Directions: Your task is to extract every entry that follows word for word while excluding the pictures.

>>>

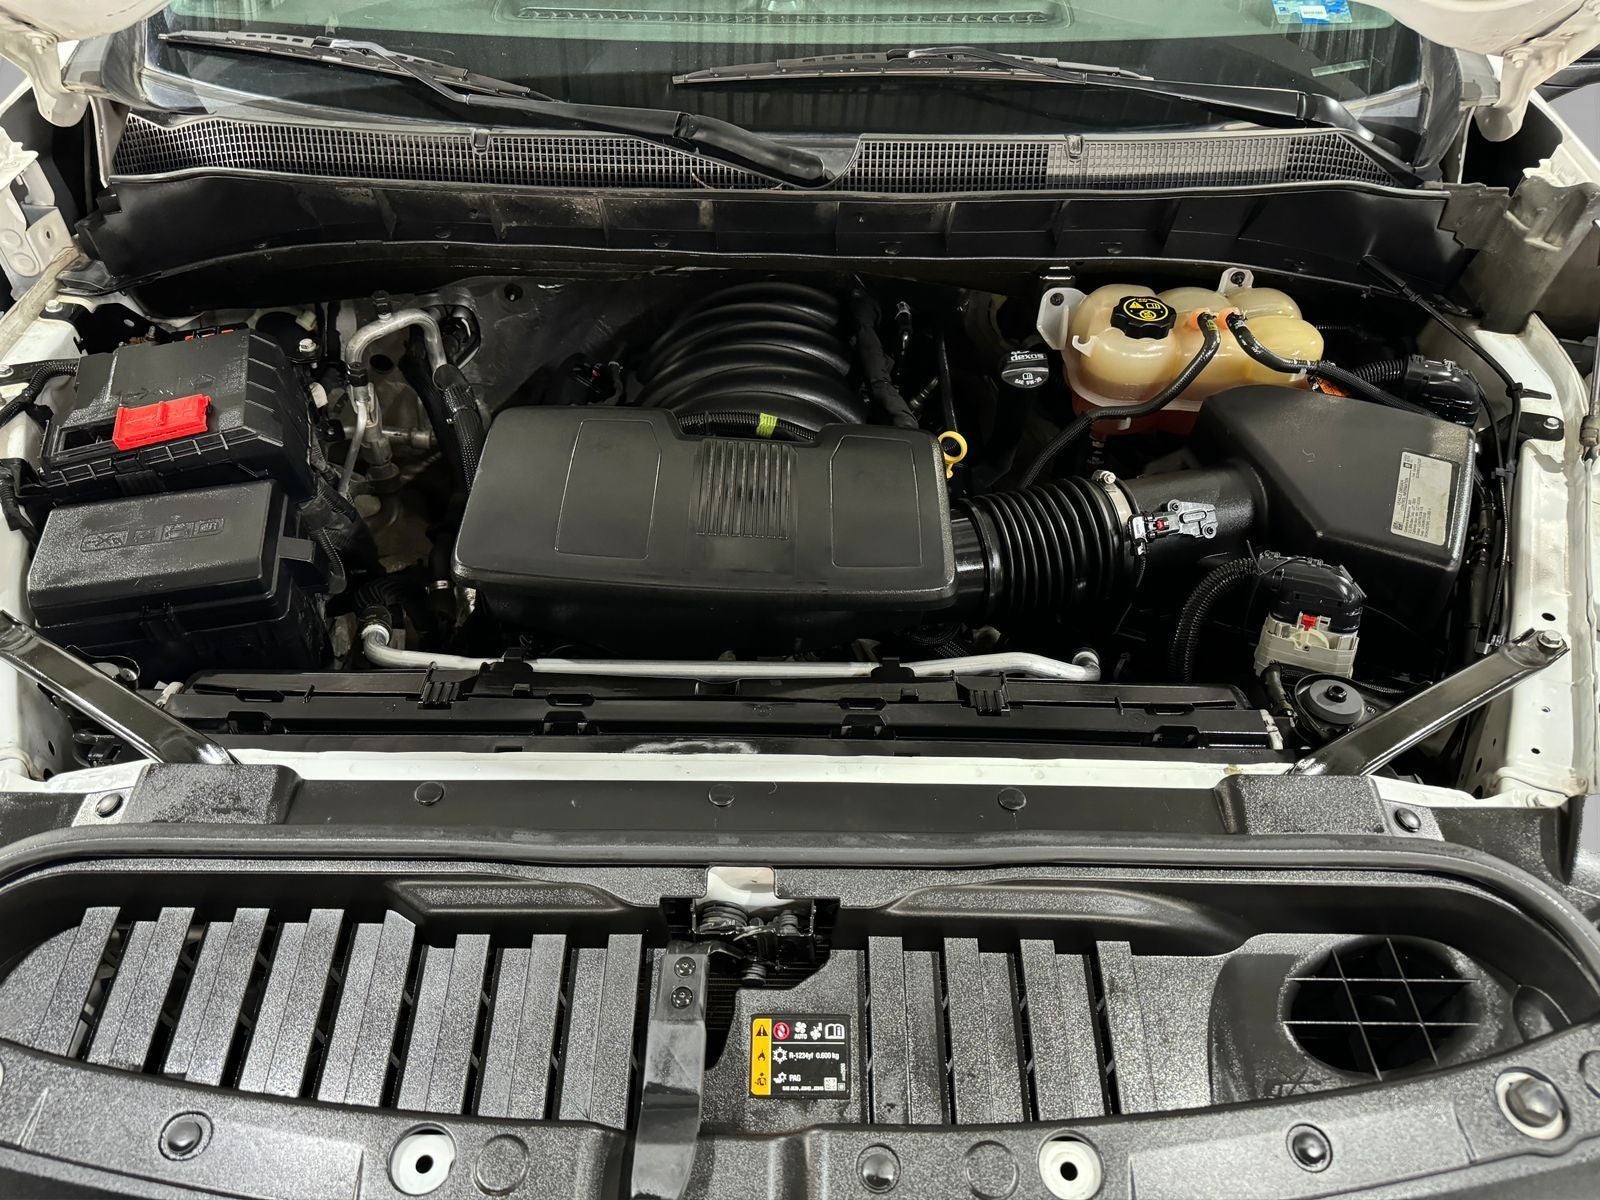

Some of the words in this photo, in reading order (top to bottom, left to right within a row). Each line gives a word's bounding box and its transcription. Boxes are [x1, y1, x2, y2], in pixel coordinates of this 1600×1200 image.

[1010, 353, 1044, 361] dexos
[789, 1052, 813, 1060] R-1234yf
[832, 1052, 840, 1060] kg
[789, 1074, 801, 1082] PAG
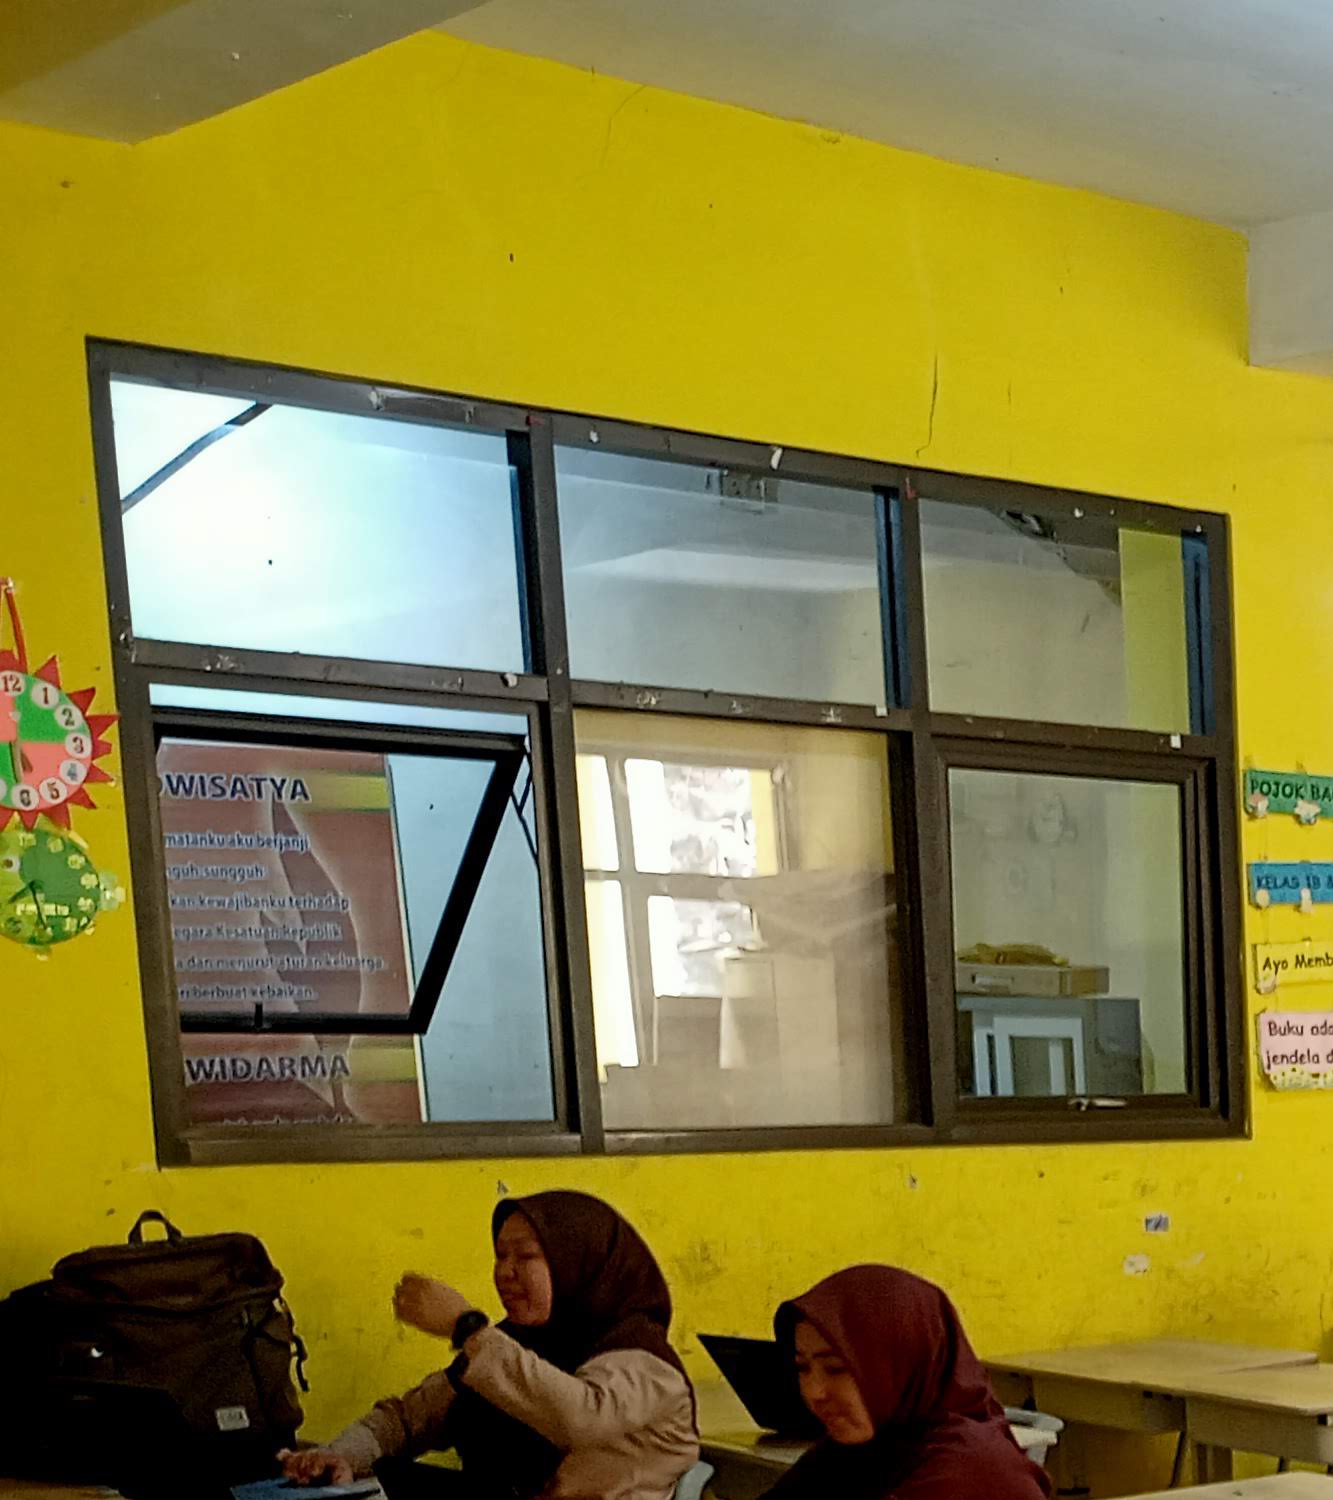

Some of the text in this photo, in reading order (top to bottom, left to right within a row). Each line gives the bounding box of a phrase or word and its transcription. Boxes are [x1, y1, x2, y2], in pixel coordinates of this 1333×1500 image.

<<<

Reply to the exercise:
Some of the words in this photo, in reading order (top to bottom, left to right within a row). Each line gives a word's bounding box and its transcription. Boxes are [x1, y1, x2, y2], in pixel coordinates of this 1600×1200 image.

[1010, 353, 1044, 361] dexos
[789, 1052, 813, 1060] R-1234yf
[832, 1052, 840, 1060] kg
[789, 1074, 801, 1082] PAG

Some of the text in this photo, in reading order (top to bottom, left to right within a row). Each line gives the bounding box of a phrase or word and its transcription. Boxes are [x1, y1, x2, y2], in pixel coordinates of this 1333×1500 image.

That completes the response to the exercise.